● Work to complete: Print every line of the listing exactly, please.

● Provided information:
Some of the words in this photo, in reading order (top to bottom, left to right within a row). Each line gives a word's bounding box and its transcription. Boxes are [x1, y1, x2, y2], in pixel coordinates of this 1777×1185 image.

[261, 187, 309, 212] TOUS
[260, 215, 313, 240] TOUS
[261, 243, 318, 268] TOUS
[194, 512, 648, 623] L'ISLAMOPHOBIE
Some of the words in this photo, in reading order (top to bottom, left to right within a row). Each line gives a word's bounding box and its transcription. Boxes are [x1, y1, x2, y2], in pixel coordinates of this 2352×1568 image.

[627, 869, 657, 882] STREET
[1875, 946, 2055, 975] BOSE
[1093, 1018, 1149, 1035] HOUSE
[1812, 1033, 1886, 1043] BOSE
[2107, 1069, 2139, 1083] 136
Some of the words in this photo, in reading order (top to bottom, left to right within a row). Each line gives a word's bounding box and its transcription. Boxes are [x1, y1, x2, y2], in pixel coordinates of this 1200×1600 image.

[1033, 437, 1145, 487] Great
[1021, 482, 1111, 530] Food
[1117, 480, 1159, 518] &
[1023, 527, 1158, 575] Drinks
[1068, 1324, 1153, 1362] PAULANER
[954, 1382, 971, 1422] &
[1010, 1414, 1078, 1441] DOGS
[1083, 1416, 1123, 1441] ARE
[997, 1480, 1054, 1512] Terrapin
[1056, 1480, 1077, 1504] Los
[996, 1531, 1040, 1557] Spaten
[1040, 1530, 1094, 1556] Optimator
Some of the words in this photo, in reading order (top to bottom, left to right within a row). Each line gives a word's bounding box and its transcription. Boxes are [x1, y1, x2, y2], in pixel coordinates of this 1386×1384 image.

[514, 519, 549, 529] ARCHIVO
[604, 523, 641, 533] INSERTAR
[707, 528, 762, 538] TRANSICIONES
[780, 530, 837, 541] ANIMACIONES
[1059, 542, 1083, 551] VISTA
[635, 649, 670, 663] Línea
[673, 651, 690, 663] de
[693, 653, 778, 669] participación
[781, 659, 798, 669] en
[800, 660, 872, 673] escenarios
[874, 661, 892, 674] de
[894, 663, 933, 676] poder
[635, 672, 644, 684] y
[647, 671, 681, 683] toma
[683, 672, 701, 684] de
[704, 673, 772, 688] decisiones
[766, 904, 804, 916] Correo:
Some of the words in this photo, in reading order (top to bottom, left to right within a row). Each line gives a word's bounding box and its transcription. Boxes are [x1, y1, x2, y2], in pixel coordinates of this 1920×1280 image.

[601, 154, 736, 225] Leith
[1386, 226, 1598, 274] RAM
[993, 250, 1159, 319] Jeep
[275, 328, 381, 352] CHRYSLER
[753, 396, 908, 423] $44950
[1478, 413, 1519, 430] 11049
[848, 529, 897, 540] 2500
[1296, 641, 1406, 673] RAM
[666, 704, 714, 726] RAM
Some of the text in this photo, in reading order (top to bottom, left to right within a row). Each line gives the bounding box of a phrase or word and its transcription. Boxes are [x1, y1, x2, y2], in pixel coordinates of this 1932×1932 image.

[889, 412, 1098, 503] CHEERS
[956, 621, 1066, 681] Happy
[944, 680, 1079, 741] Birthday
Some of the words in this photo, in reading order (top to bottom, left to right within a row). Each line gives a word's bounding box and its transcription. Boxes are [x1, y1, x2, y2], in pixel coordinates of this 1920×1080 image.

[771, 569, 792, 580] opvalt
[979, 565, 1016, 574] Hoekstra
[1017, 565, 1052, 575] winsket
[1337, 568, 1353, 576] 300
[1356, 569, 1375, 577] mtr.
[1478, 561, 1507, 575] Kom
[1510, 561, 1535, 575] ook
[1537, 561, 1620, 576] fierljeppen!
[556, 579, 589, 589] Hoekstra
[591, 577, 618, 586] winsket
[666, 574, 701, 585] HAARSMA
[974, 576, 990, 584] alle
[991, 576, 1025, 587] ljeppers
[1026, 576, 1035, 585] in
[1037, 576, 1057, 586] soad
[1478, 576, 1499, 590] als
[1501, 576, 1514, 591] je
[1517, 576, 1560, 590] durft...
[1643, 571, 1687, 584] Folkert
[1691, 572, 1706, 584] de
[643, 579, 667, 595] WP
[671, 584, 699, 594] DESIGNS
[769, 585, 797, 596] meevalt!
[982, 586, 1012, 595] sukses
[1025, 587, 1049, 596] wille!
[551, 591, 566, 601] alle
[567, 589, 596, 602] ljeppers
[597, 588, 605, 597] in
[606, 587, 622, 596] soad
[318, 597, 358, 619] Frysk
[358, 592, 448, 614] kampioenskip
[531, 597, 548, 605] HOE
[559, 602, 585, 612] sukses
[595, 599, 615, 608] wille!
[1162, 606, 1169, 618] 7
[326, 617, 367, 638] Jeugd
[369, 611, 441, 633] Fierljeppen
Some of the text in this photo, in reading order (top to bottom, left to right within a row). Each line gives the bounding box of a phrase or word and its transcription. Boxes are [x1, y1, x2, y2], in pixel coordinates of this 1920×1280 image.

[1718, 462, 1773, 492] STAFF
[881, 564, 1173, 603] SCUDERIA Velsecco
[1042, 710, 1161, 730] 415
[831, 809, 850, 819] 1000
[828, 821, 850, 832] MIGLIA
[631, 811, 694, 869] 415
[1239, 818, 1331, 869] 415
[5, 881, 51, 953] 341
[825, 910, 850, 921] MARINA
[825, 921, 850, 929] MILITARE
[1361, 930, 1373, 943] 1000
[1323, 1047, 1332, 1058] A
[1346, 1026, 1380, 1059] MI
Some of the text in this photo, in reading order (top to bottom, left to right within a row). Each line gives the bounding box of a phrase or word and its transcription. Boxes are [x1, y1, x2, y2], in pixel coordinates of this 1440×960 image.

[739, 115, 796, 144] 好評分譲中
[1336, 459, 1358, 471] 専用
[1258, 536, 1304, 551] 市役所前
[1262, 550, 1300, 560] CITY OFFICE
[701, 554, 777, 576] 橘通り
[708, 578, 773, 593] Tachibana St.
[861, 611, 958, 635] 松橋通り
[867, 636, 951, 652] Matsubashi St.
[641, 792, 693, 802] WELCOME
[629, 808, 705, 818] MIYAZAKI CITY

● Result for this task:
Some of the words in this photo, in reading order (top to bottom, left to right within a row). Each line gives a word's bounding box and its transcription. Boxes are [x1, y1, x2, y2], in pixel coordinates of this 1777×1185 image.

[261, 187, 309, 212] TOUS
[260, 215, 313, 240] TOUS
[261, 243, 318, 268] TOUS
[194, 512, 648, 623] L'ISLAMOPHOBIE
Some of the words in this photo, in reading order (top to bottom, left to right within a row). Each line gives a word's bounding box and its transcription. Boxes are [x1, y1, x2, y2], in pixel coordinates of this 2352×1568 image.

[627, 869, 657, 882] STREET
[1875, 946, 2055, 975] BOSE
[1093, 1018, 1149, 1035] HOUSE
[1812, 1033, 1886, 1043] BOSE
[2107, 1069, 2139, 1083] 136
Some of the words in this photo, in reading order (top to bottom, left to right within a row). Each line gives a word's bounding box and its transcription. Boxes are [x1, y1, x2, y2], in pixel coordinates of this 1200×1600 image.

[1033, 437, 1145, 487] Great
[1021, 482, 1111, 530] Food
[1117, 480, 1159, 518] &
[1023, 527, 1158, 575] Drinks
[1068, 1324, 1153, 1362] PAULANER
[954, 1382, 971, 1422] &
[1010, 1414, 1078, 1441] DOGS
[1083, 1416, 1123, 1441] ARE
[997, 1480, 1054, 1512] Terrapin
[1056, 1480, 1077, 1504] Los
[996, 1531, 1040, 1557] Spaten
[1040, 1530, 1094, 1556] Optimator
Some of the words in this photo, in reading order (top to bottom, left to right within a row). Each line gives a word's bounding box and its transcription. Boxes are [x1, y1, x2, y2], in pixel coordinates of this 1386×1384 image.

[514, 519, 549, 529] ARCHIVO
[604, 523, 641, 533] INSERTAR
[707, 528, 762, 538] TRANSICIONES
[780, 530, 837, 541] ANIMACIONES
[1059, 542, 1083, 551] VISTA
[635, 649, 670, 663] Línea
[673, 651, 690, 663] de
[693, 653, 778, 669] participación
[781, 659, 798, 669] en
[800, 660, 872, 673] escenarios
[874, 661, 892, 674] de
[894, 663, 933, 676] poder
[635, 672, 644, 684] y
[647, 671, 681, 683] toma
[683, 672, 701, 684] de
[704, 673, 772, 688] decisiones
[766, 904, 804, 916] Correo:
Some of the words in this photo, in reading order (top to bottom, left to right within a row). Each line gives a word's bounding box and its transcription. Boxes are [x1, y1, x2, y2], in pixel coordinates of this 1920×1280 image.

[601, 154, 736, 225] Leith
[1386, 226, 1598, 274] RAM
[993, 250, 1159, 319] Jeep
[275, 328, 381, 352] CHRYSLER
[753, 396, 908, 423] $44950
[1478, 413, 1519, 430] 11049
[848, 529, 897, 540] 2500
[1296, 641, 1406, 673] RAM
[666, 704, 714, 726] RAM
Some of the text in this photo, in reading order (top to bottom, left to right within a row). Each line gives the bounding box of a phrase or word and its transcription. Boxes are [x1, y1, x2, y2], in pixel coordinates of this 1932×1932 image.

[889, 412, 1098, 503] CHEERS
[956, 621, 1066, 681] Happy
[944, 680, 1079, 741] Birthday
Some of the words in this photo, in reading order (top to bottom, left to right within a row). Each line gives a word's bounding box and its transcription. Boxes are [x1, y1, x2, y2], in pixel coordinates of this 1920×1080 image.

[771, 569, 792, 580] opvalt
[979, 565, 1016, 574] Hoekstra
[1017, 565, 1052, 575] winsket
[1337, 568, 1353, 576] 300
[1356, 569, 1375, 577] mtr.
[1478, 561, 1507, 575] Kom
[1510, 561, 1535, 575] ook
[1537, 561, 1620, 576] fierljeppen!
[556, 579, 589, 589] Hoekstra
[591, 577, 618, 586] winsket
[666, 574, 701, 585] HAARSMA
[974, 576, 990, 584] alle
[991, 576, 1025, 587] ljeppers
[1026, 576, 1035, 585] in
[1037, 576, 1057, 586] soad
[1478, 576, 1499, 590] als
[1501, 576, 1514, 591] je
[1517, 576, 1560, 590] durft...
[1643, 571, 1687, 584] Folkert
[1691, 572, 1706, 584] de
[643, 579, 667, 595] WP
[671, 584, 699, 594] DESIGNS
[769, 585, 797, 596] meevalt!
[982, 586, 1012, 595] sukses
[1025, 587, 1049, 596] wille!
[551, 591, 566, 601] alle
[567, 589, 596, 602] ljeppers
[597, 588, 605, 597] in
[606, 587, 622, 596] soad
[318, 597, 358, 619] Frysk
[358, 592, 448, 614] kampioenskip
[531, 597, 548, 605] HOE
[559, 602, 585, 612] sukses
[595, 599, 615, 608] wille!
[1162, 606, 1169, 618] 7
[326, 617, 367, 638] Jeugd
[369, 611, 441, 633] Fierljeppen
Some of the text in this photo, in reading order (top to bottom, left to right within a row). Each line gives the bounding box of a phrase or word and its transcription. Boxes are [x1, y1, x2, y2], in pixel coordinates of this 1920×1280 image.

[1718, 462, 1773, 492] STAFF
[881, 564, 1173, 603] SCUDERIA Velsecco
[1042, 710, 1161, 730] 415
[831, 809, 850, 819] 1000
[828, 821, 850, 832] MIGLIA
[631, 811, 694, 869] 415
[1239, 818, 1331, 869] 415
[5, 881, 51, 953] 341
[825, 910, 850, 921] MARINA
[825, 921, 850, 929] MILITARE
[1361, 930, 1373, 943] 1000
[1323, 1047, 1332, 1058] A
[1346, 1026, 1380, 1059] MI
Some of the text in this photo, in reading order (top to bottom, left to right within a row). Each line gives the bounding box of a phrase or word and its transcription. Boxes are [x1, y1, x2, y2], in pixel coordinates of this 1440×960 image.

[739, 115, 796, 144] 好評分譲中
[1336, 459, 1358, 471] 専用
[1258, 536, 1304, 551] 市役所前
[1262, 550, 1300, 560] CITY OFFICE
[701, 554, 777, 576] 橘通り
[708, 578, 773, 593] Tachibana St.
[861, 611, 958, 635] 松橋通り
[867, 636, 951, 652] Matsubashi St.
[641, 792, 693, 802] WELCOME
[629, 808, 705, 818] MIYAZAKI CITY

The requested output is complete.